# [PROBLEM DETAILS]
Copy the records word for word, omitting all pictures.

Source data:
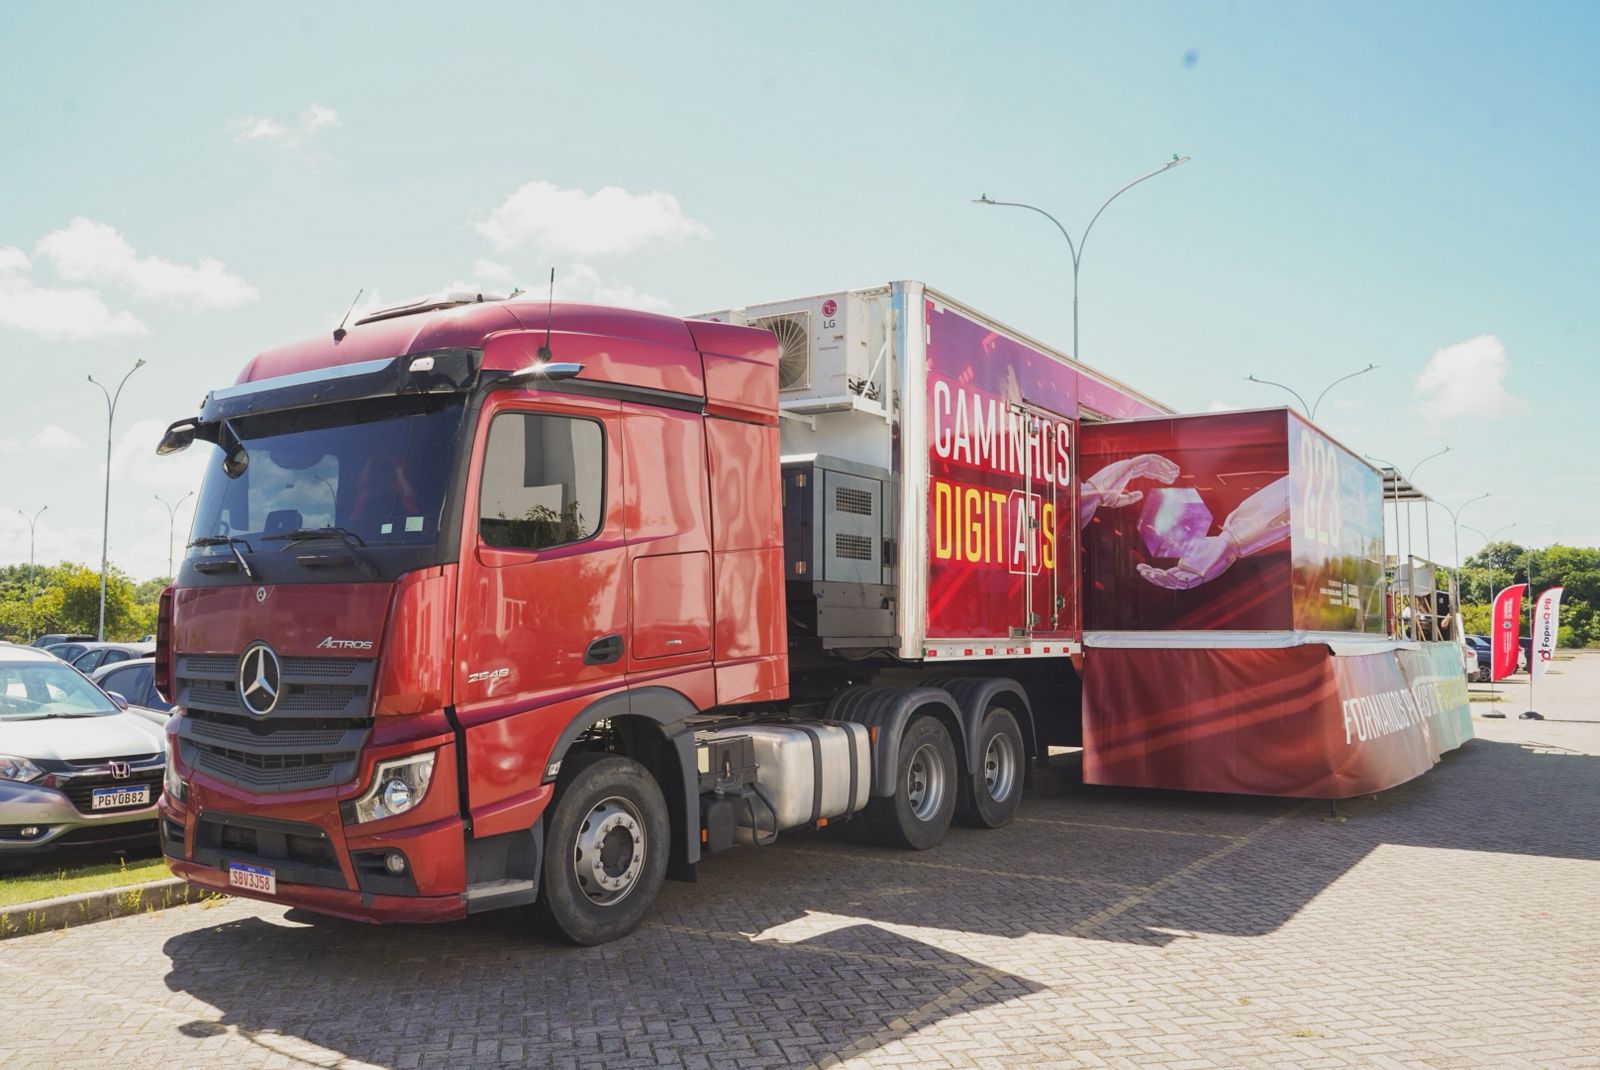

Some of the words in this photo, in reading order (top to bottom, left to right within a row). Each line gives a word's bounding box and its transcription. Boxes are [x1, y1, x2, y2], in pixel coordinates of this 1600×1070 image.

[823, 319, 836, 329] LG
[934, 380, 1070, 487] CAMINHOS
[936, 481, 1056, 570] DIGITAIS
[316, 636, 373, 649] ACTROS
[467, 668, 509, 683] 2548
[233, 870, 270, 891] SBV3J58

# [FINISHED TASK]
Some of the words in this photo, in reading order (top to bottom, left to right within a row). Each line gives a word's bounding box and its transcription. Boxes are [x1, y1, x2, y2], in pixel coordinates of this 1600×1070 image.

[823, 319, 836, 329] LG
[934, 380, 1070, 487] CAMINHOS
[936, 481, 1056, 570] DIGITAIS
[316, 636, 373, 649] ACTROS
[467, 668, 509, 683] 2548
[233, 870, 270, 891] SBV3J58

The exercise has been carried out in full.